▶ [Input]:
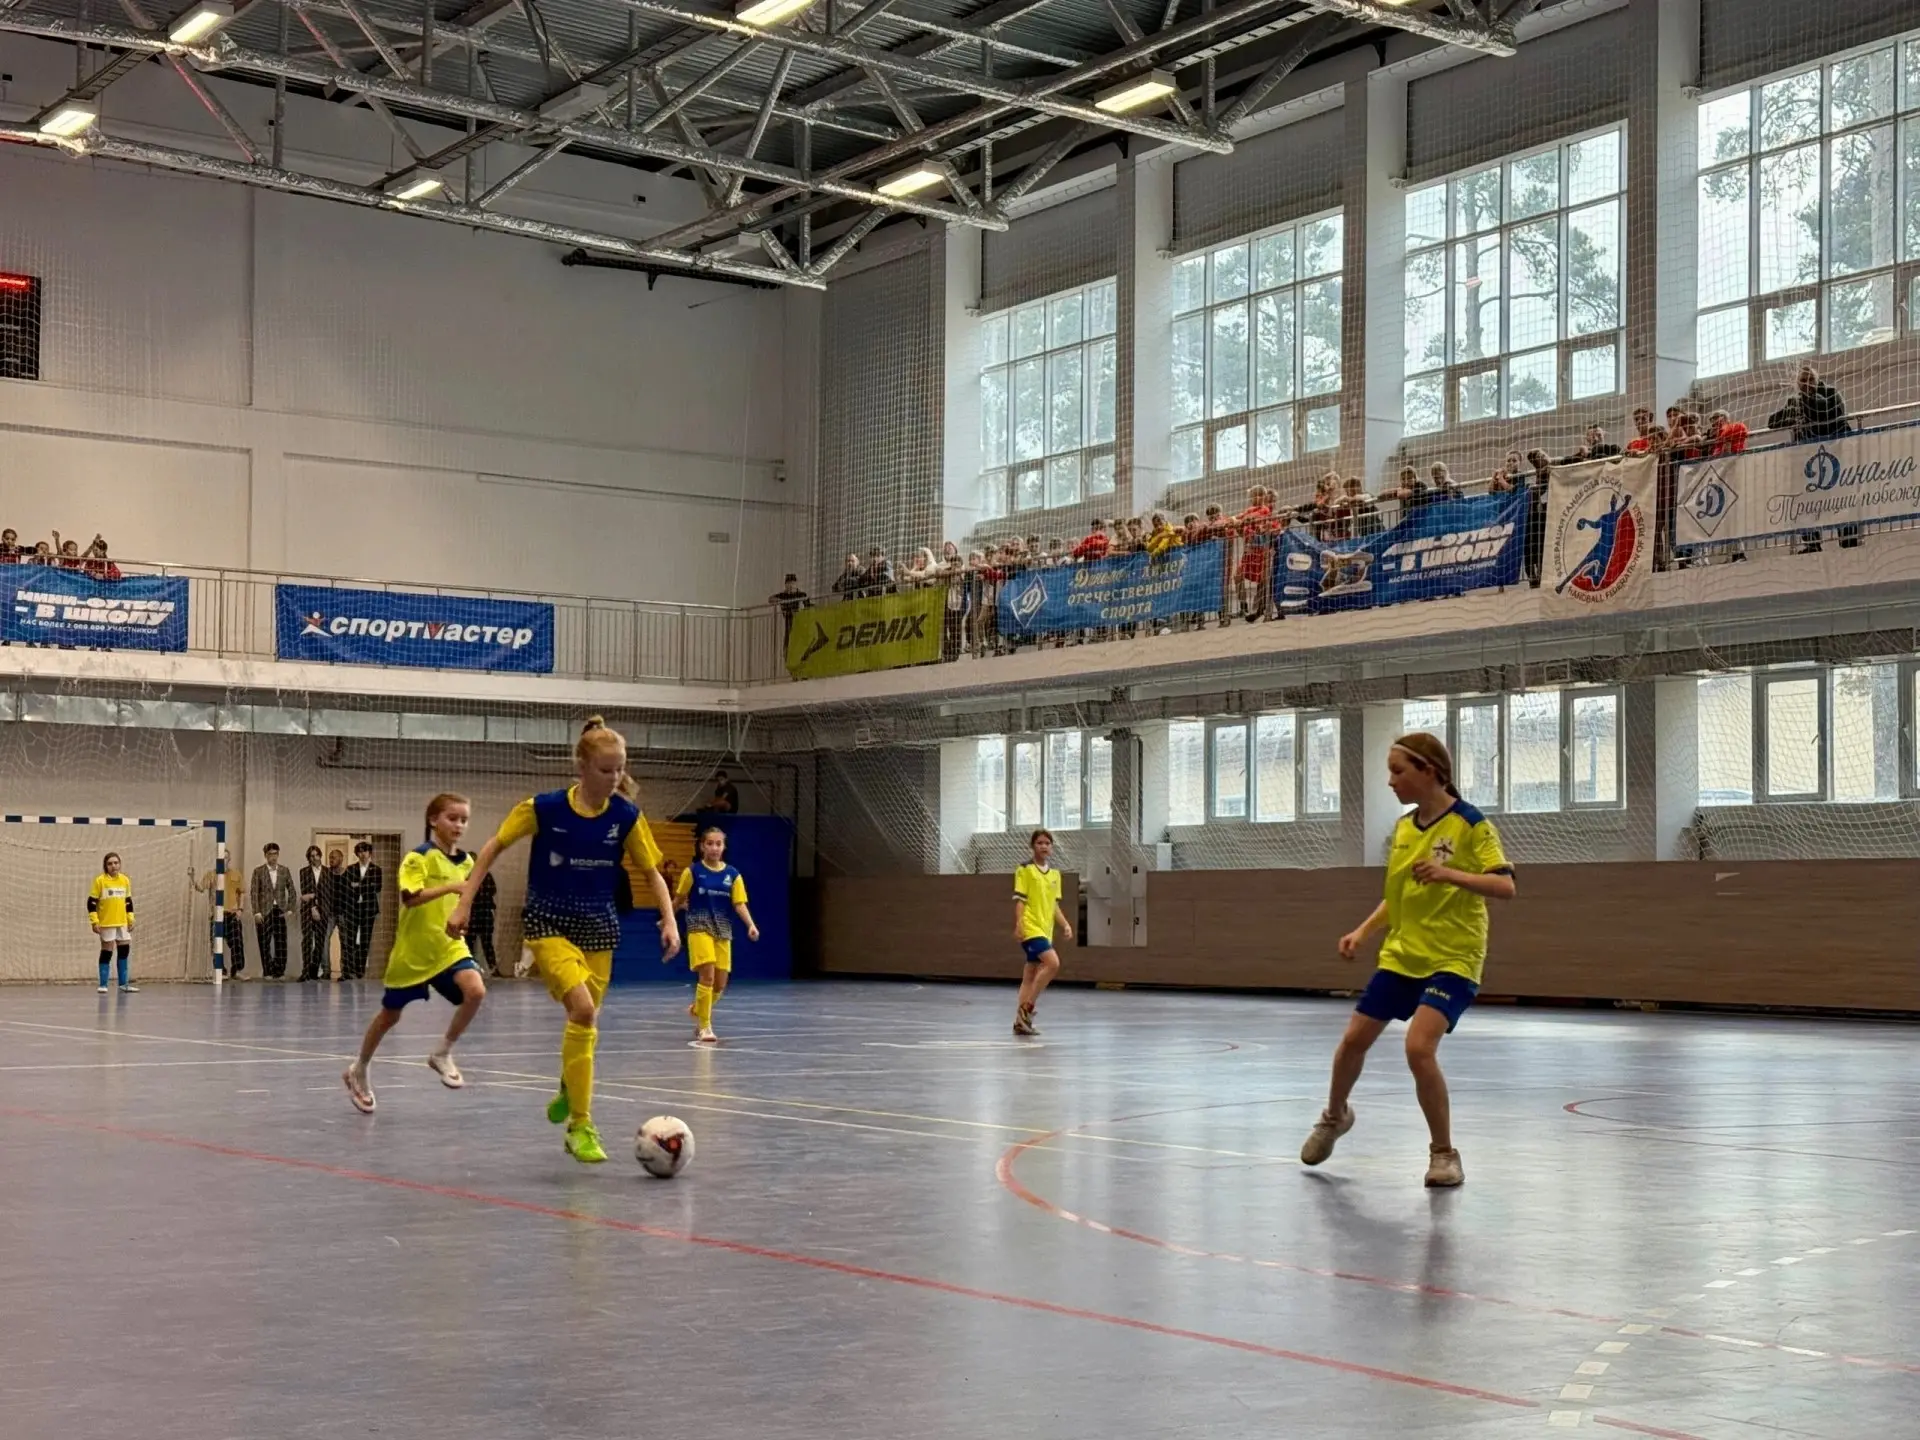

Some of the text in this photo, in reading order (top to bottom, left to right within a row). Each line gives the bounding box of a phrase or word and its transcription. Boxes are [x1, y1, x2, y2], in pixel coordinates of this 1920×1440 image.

[1804, 444, 1917, 493] Динамо
[1401, 554, 1416, 571] В
[1421, 537, 1509, 568] ШКОЛУ
[1568, 586, 1605, 604] HANDBALL
[35, 604, 56, 618] В
[63, 606, 171, 626] ШКОЛУ
[1100, 601, 1153, 621] спорта
[39, 620, 65, 629] БОЛЕЕ
[107, 624, 158, 634] УЧАСТНИКОВ
[330, 615, 533, 649] спортмастер
[836, 613, 928, 651] DEMIX
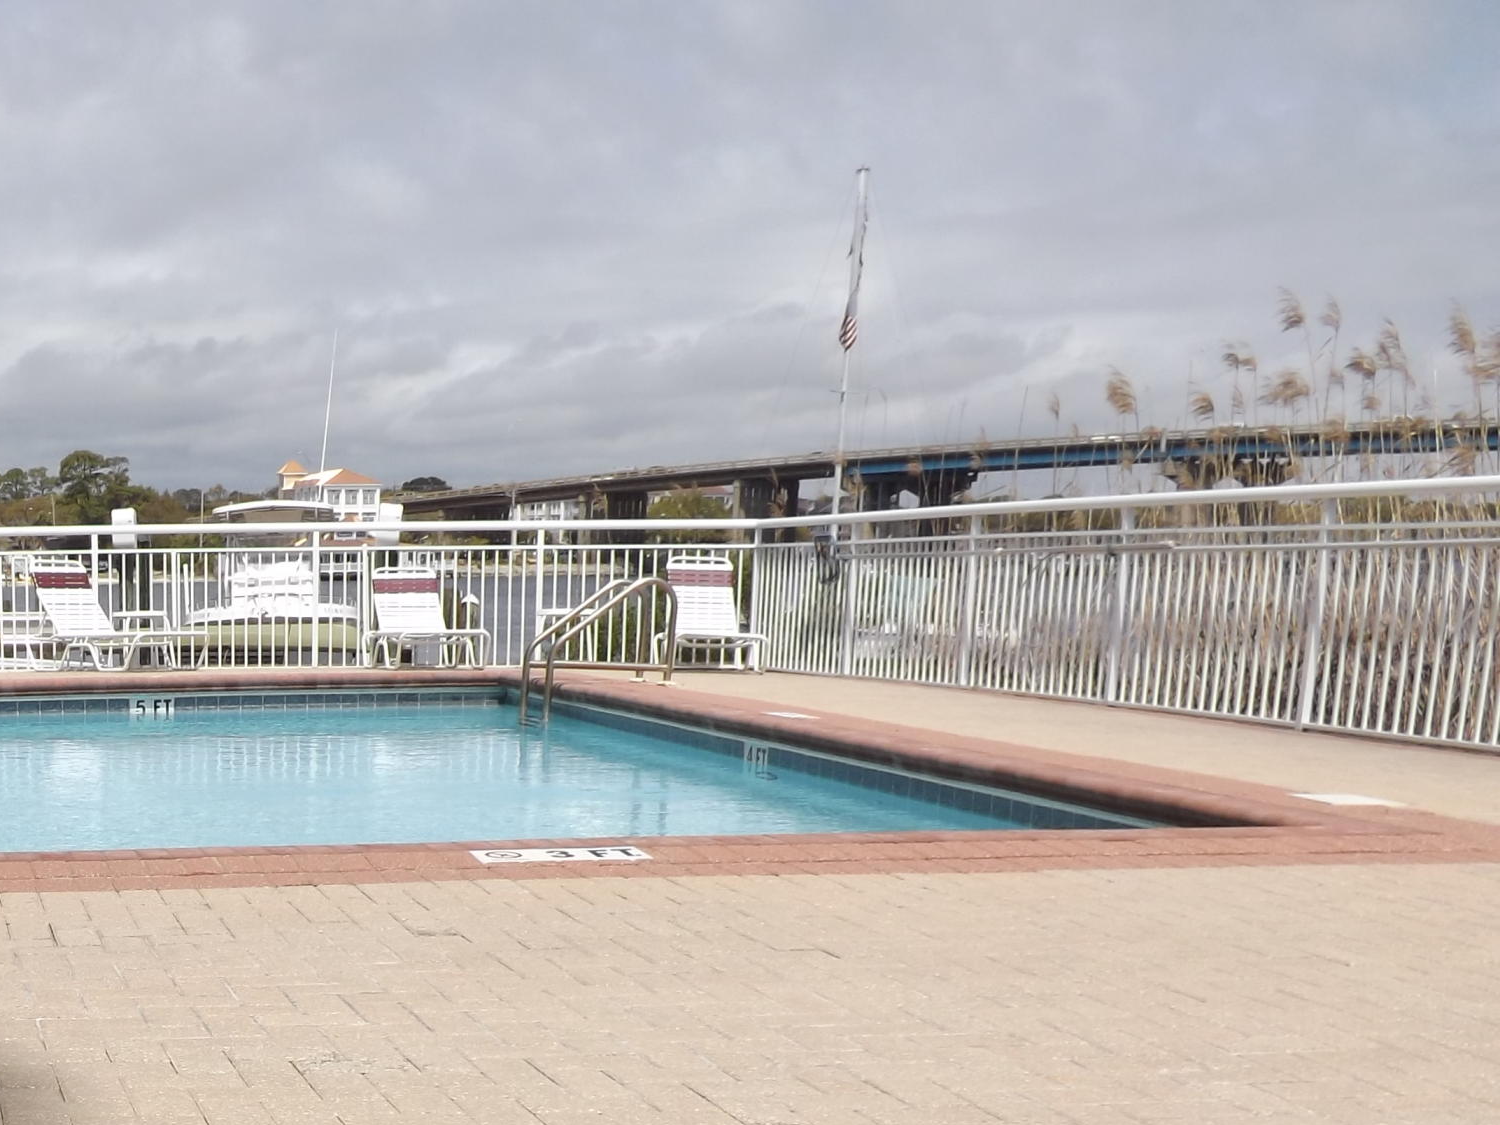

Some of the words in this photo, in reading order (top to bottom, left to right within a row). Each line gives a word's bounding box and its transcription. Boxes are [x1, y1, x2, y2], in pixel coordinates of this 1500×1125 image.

[136, 700, 146, 716] 5
[153, 699, 172, 718] FT
[747, 745, 753, 762] 4
[545, 850, 575, 858] 3
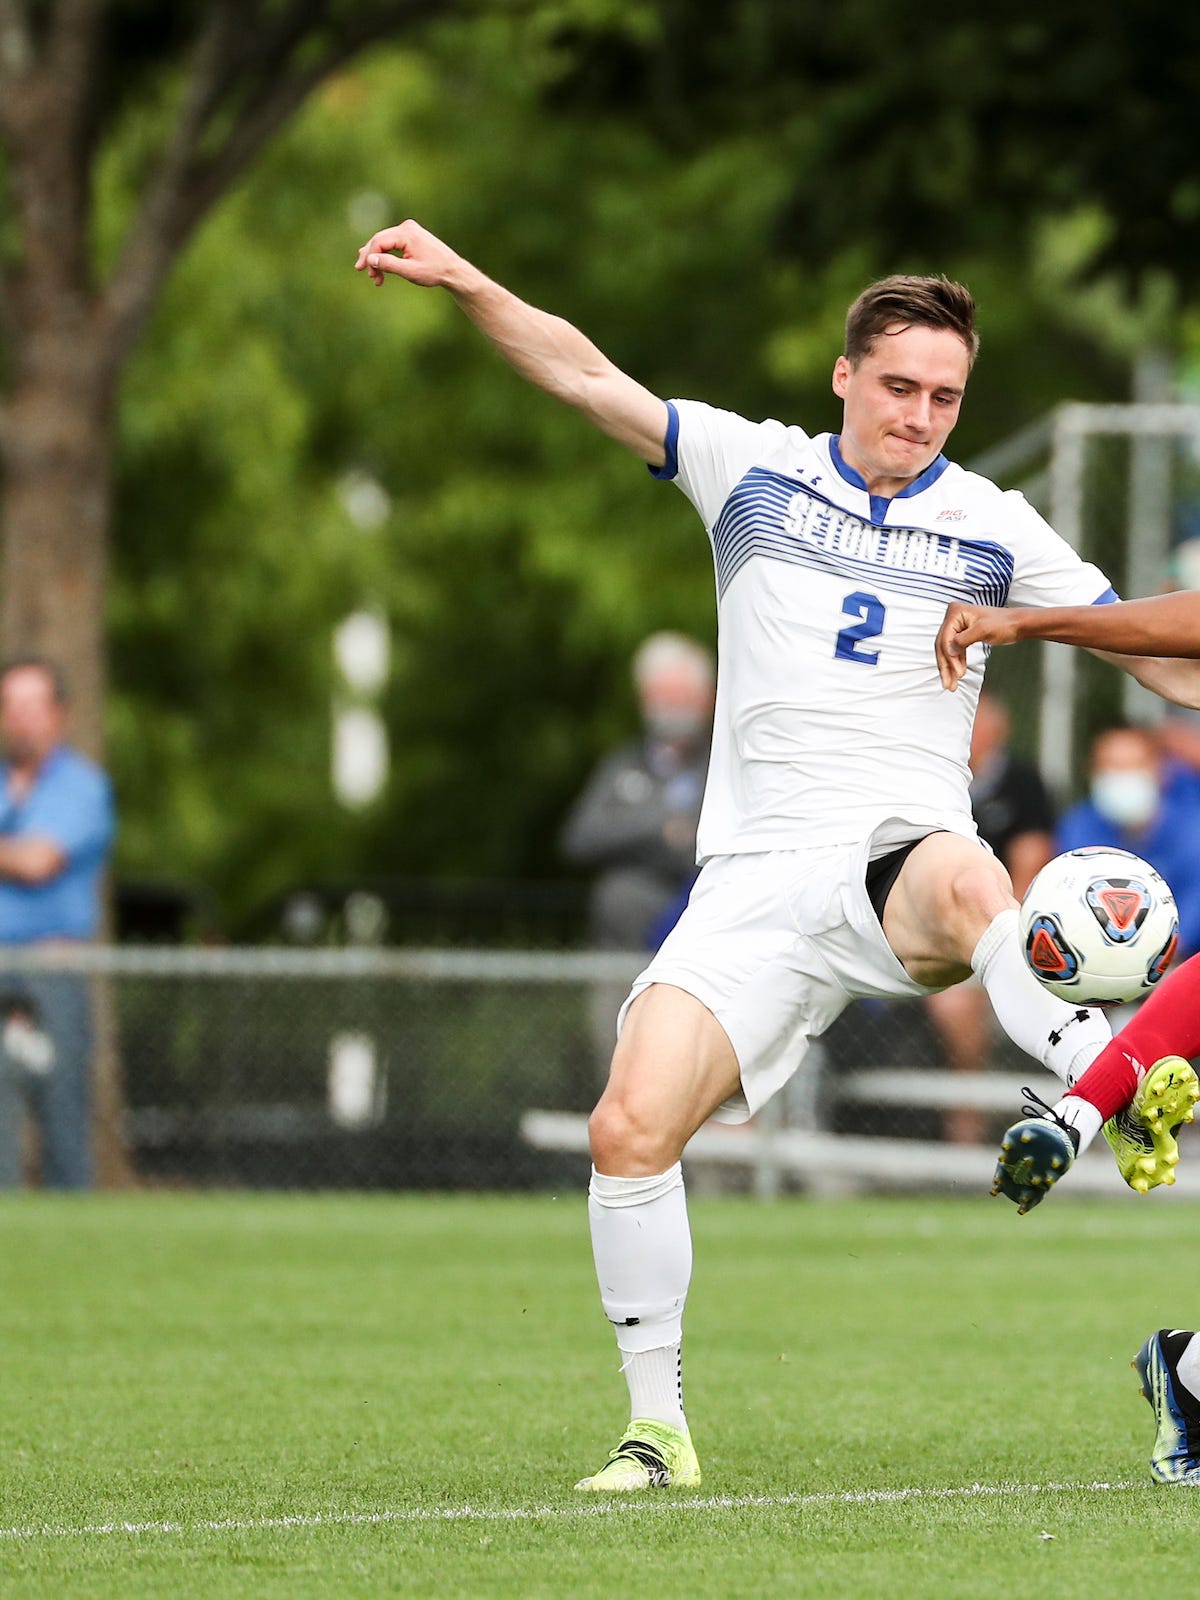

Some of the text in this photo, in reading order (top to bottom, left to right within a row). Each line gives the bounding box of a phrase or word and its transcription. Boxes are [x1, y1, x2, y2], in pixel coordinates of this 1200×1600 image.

▶ [Problem to work on]: Copy out the data exactly and keep the pictures out.

▶ [Response area]:
Some of the text in this photo, in reading order (top to bottom, left to right within a row). Each line gives the bounding box of a phrase or word and its transcription. Boxes are [x1, y1, x2, y2], in pixel coordinates of this 1920×1440 image.

[1804, 444, 1917, 493] Динамо
[1401, 554, 1416, 571] В
[1421, 537, 1509, 568] ШКОЛУ
[1568, 586, 1605, 604] HANDBALL
[35, 604, 56, 618] В
[63, 606, 171, 626] ШКОЛУ
[1100, 601, 1153, 621] спорта
[39, 620, 65, 629] БОЛЕЕ
[107, 624, 158, 634] УЧАСТНИКОВ
[330, 615, 533, 649] спортмастер
[836, 613, 928, 651] DEMIX

Some of the words in this photo, in reading order (top to bottom, left to right within a row). Each line gives a word's bounding box and its transcription. Boxes are [x1, y1, x2, y2], in pixel coordinates of this 1500×1125 image.

[136, 700, 146, 716] 5
[153, 699, 172, 718] FT
[747, 745, 753, 762] 4
[545, 850, 575, 858] 3

Some of the text in this photo, in reading order (top to bottom, left to right within a row). Each line gives the bounding box of a phrase or word and its transcription. Boxes are [x1, y1, x2, y2], in pixel coordinates of this 1200×1600 image.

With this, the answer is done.